The Path of True Blessedness

“Blessed are all who fear the Lord, who walk in obedience to Him” (Psalm 128:1). The Bible often speaks about the “fear of the Lord.” That seems odd to us because we often present God as love and loving, someone we want to draw near to, not a being to be feared.

The Bible presents God as awesome, One Who truly inspires awe. As such, the reverence that arises can manifest itself as fear presented with such grandeur.

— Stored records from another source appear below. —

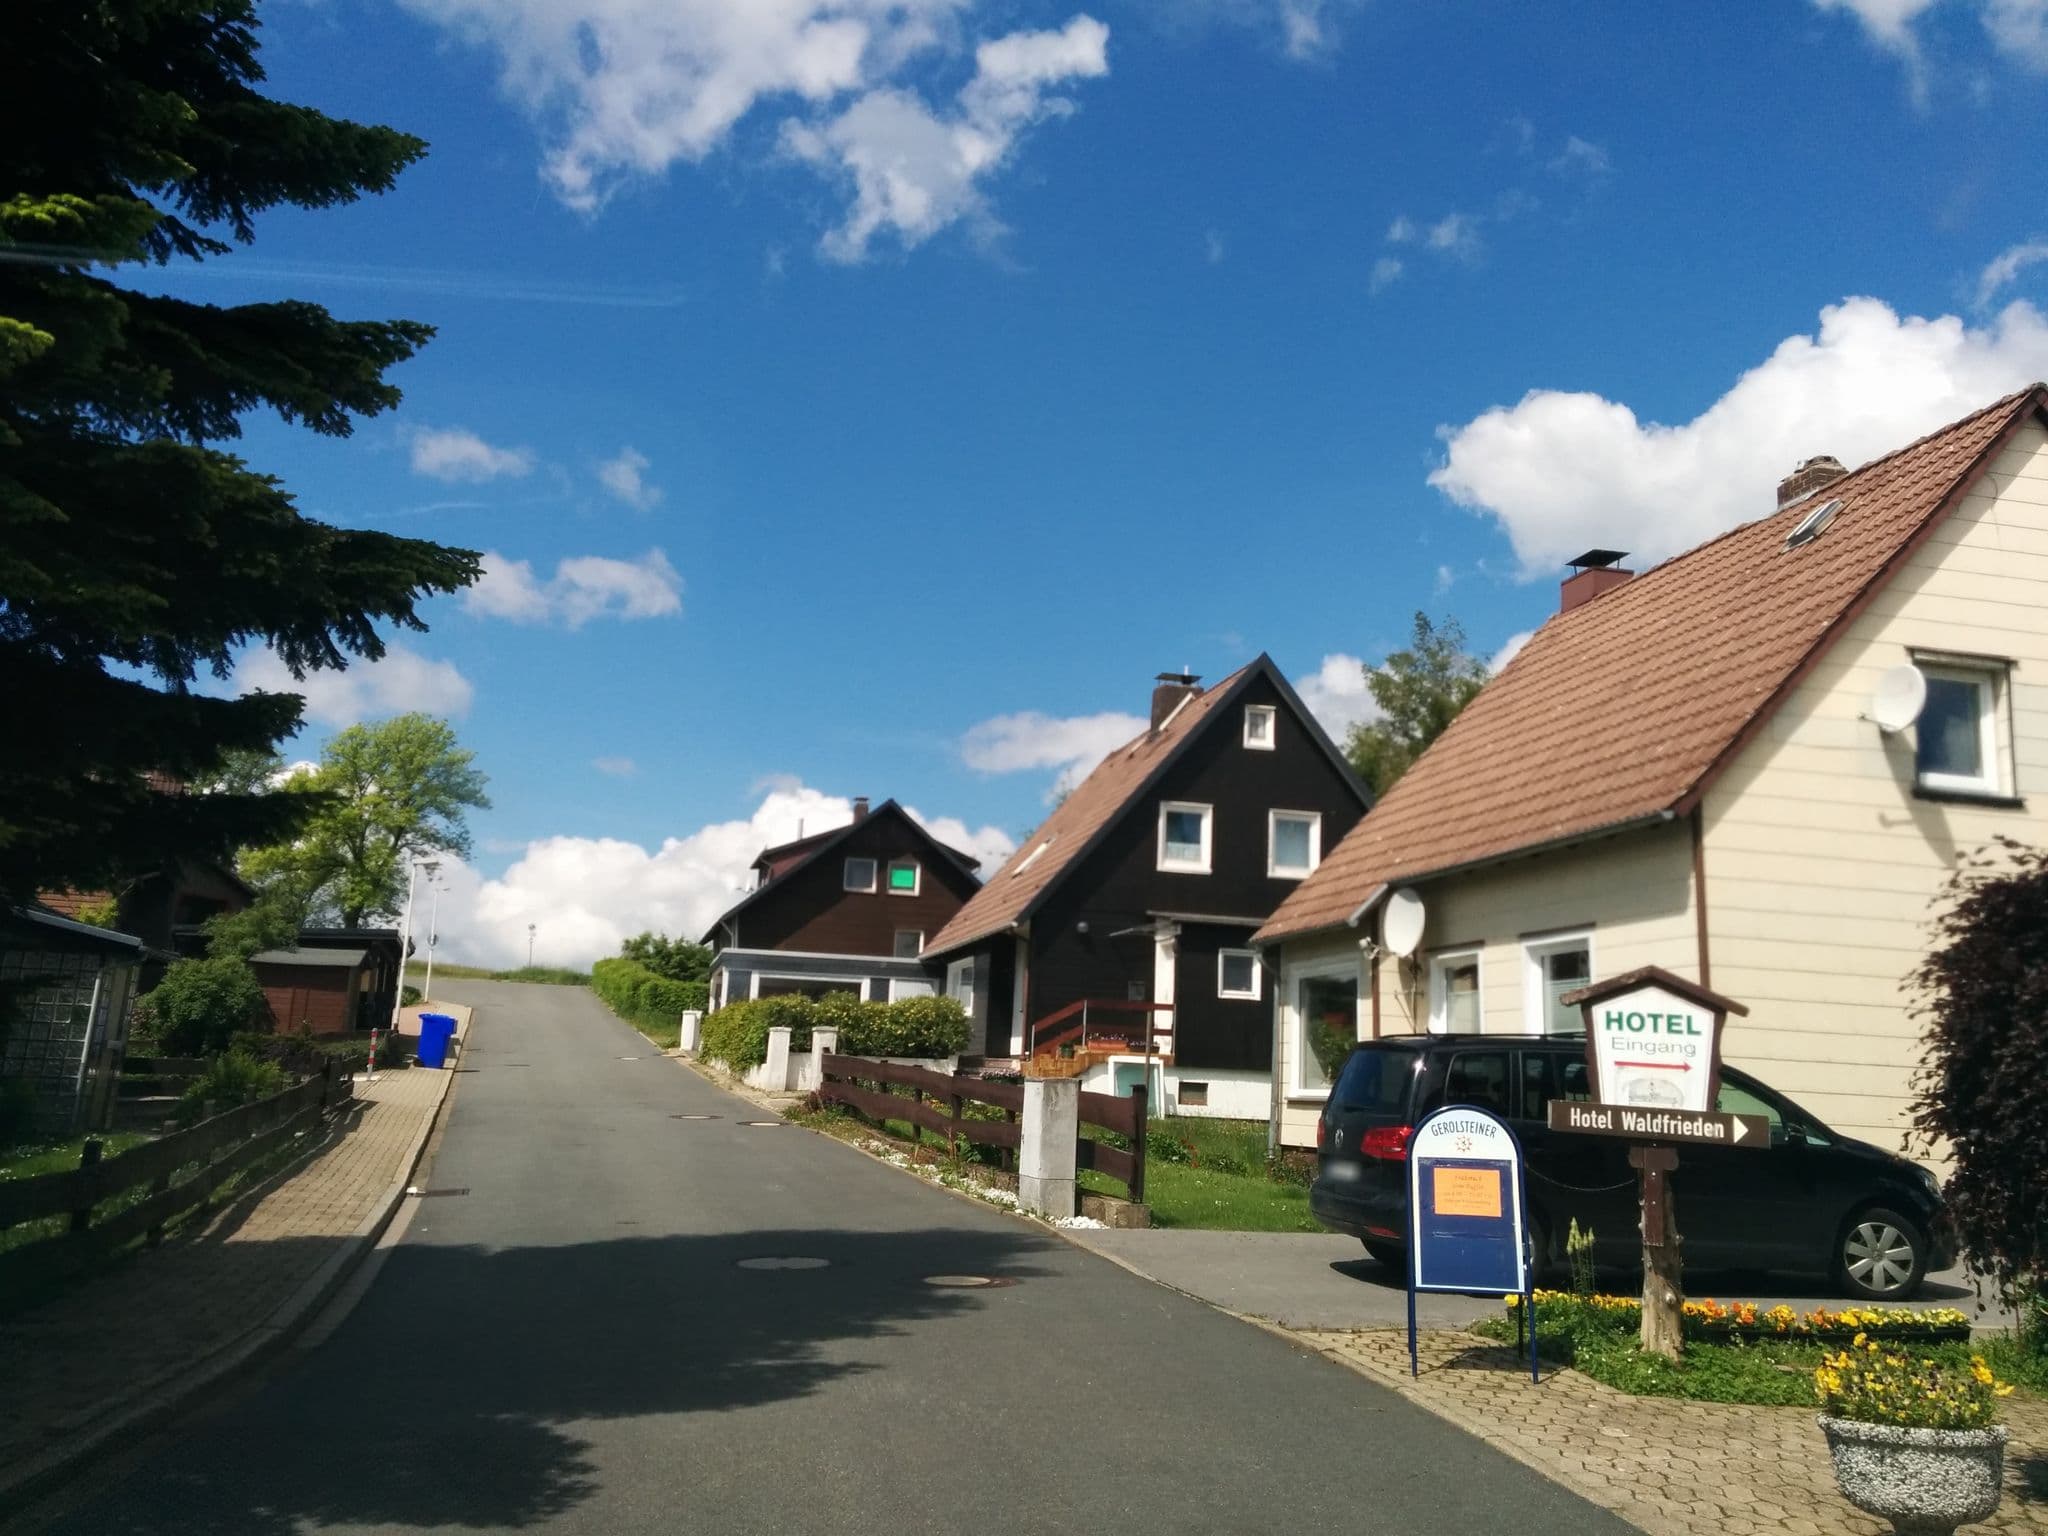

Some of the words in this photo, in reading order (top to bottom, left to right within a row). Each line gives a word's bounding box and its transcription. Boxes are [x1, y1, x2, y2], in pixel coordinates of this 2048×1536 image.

[1605, 1010, 1702, 1036] HOTEL
[1611, 1037, 1697, 1057] Eingang
[1431, 1120, 1498, 1139] GEROLSTEINER
[1570, 1107, 1613, 1130] Hotel
[1622, 1111, 1725, 1138] Waldfrieden

But the psalmist described those who fear the Lord, not as those who feel the emotion of fear, rather they demonstrate their reverence for God by walking in His ways, i.e., obeying Him.

The structure of the verse identifies those who fear God as those walking in His ways. In other words, our obedience to God (i.e., walking in His ways) fulfills the biblical injunction to fear God. It also describes those who fear the Lord, those who walk in His ways as blessed.

The book of Deuteronomy commanded the Israelites, “Fear the Lord your God, serve Him only and take your oaths in His name” (6:13). The structure of this verse, like the above quoted psalm, indicates that we fear God by serving Him. Obedience is how we demonstrate that we fear Him.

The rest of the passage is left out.